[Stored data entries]
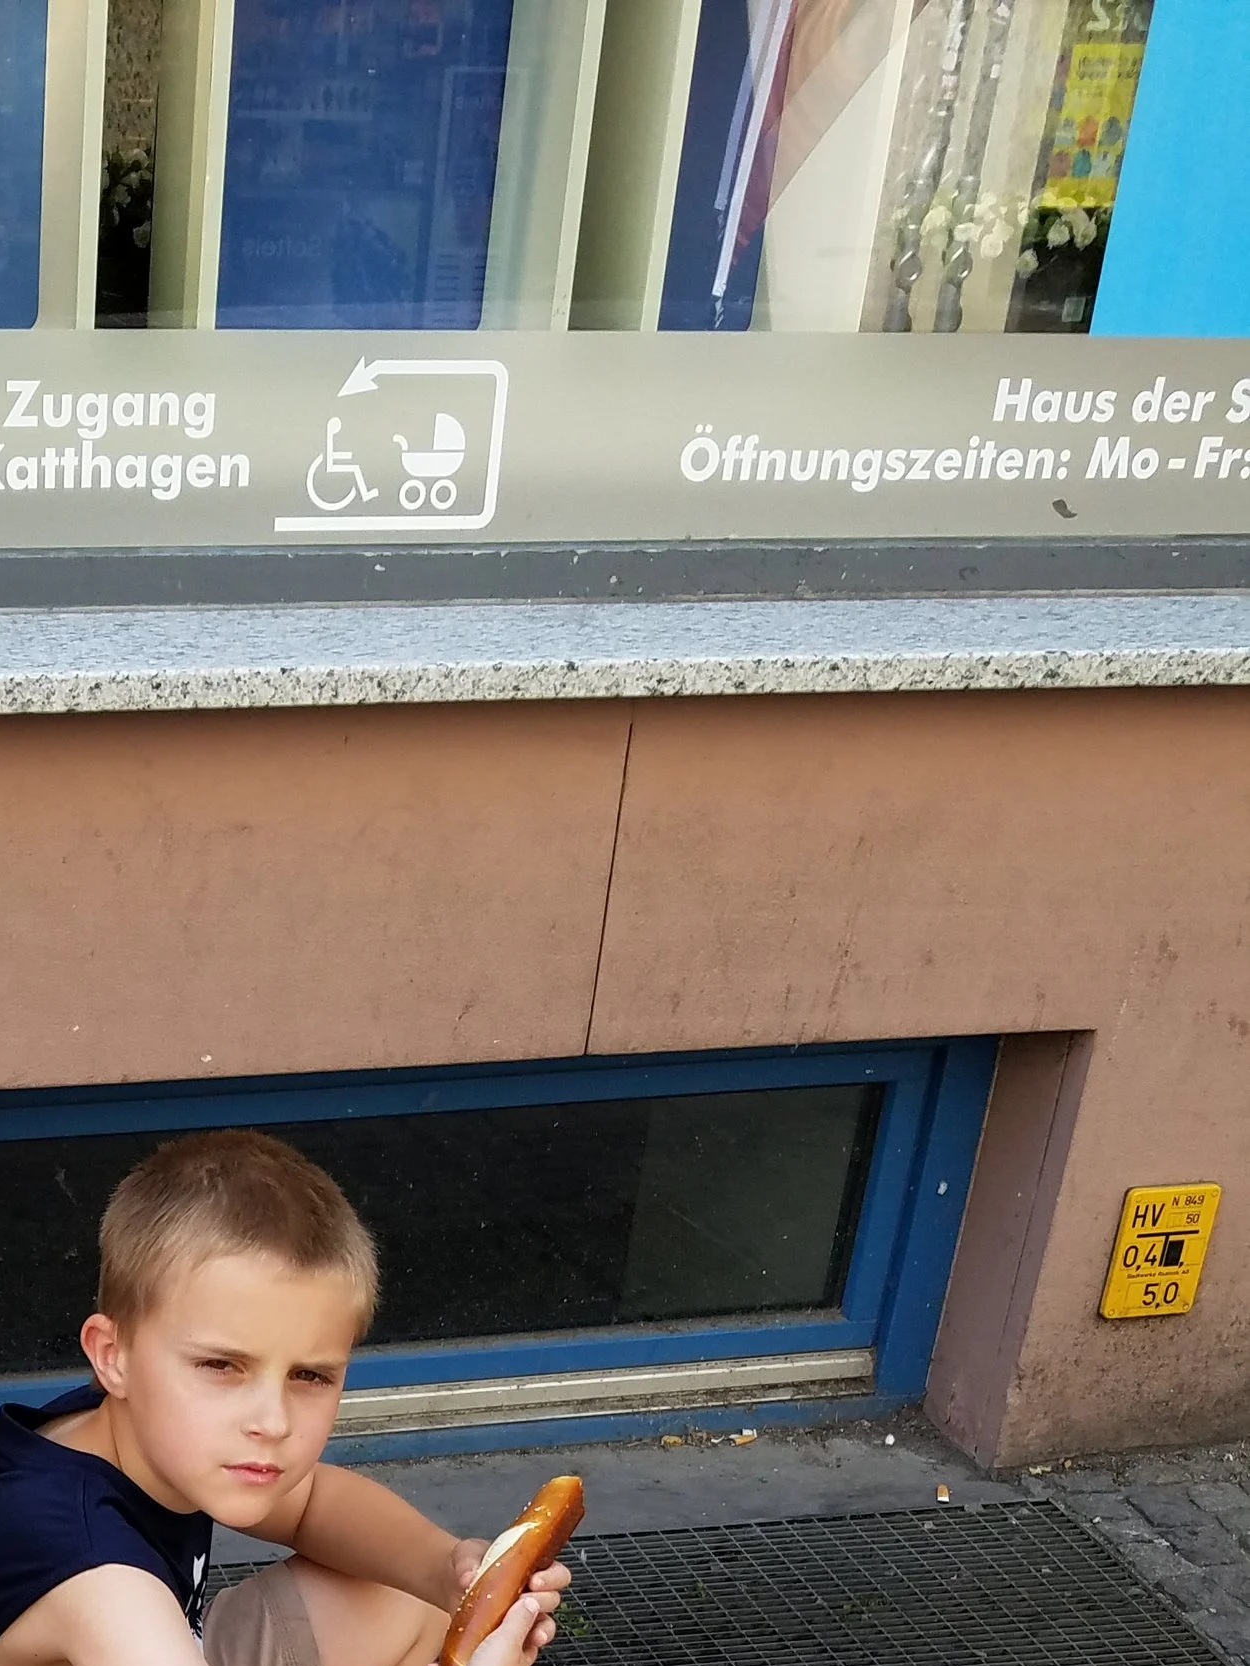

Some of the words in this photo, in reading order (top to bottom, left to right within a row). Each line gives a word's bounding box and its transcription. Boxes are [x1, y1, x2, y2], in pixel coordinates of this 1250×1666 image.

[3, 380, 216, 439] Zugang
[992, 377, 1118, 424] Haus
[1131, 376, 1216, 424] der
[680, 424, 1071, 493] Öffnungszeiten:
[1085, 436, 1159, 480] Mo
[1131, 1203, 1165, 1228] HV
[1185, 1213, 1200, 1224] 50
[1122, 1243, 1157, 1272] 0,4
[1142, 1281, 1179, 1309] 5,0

# [PROBLEM DESCRIPTION]
Each word of the data should be repeated exactly, and the pictures left out.

# [ANSWER BELOW]
Some of the words in this photo, in reading order (top to bottom, left to right within a row). Each line gives a word's bounding box and its transcription. Boxes are [x1, y1, x2, y2], in pixel coordinates of this 1250×1666 image.

[3, 380, 216, 439] Zugang
[992, 377, 1118, 424] Haus
[1131, 376, 1216, 424] der
[680, 424, 1071, 493] Öffnungszeiten:
[1085, 436, 1159, 480] Mo
[1131, 1203, 1165, 1228] HV
[1185, 1213, 1200, 1224] 50
[1122, 1243, 1157, 1272] 0,4
[1142, 1281, 1179, 1309] 5,0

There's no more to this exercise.